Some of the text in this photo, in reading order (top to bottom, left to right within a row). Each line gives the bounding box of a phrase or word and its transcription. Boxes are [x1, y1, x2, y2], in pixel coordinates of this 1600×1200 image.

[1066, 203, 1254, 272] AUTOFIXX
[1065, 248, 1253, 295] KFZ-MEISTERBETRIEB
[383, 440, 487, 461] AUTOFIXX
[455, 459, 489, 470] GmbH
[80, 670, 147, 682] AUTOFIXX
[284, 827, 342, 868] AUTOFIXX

*-*-*

• _What the task requires_
All records are to be written out exactly.

• _Completed exercise_
Some of the text in this photo, in reading order (top to bottom, left to right within a row). Each line gives the bounding box of a phrase or word and its transcription. Boxes are [x1, y1, x2, y2], in pixel coordinates of this 1600×1200 image.

[1066, 203, 1254, 272] AUTOFIXX
[1065, 248, 1253, 295] KFZ-MEISTERBETRIEB
[383, 440, 487, 461] AUTOFIXX
[455, 459, 489, 470] GmbH
[80, 670, 147, 682] AUTOFIXX
[284, 827, 342, 868] AUTOFIXX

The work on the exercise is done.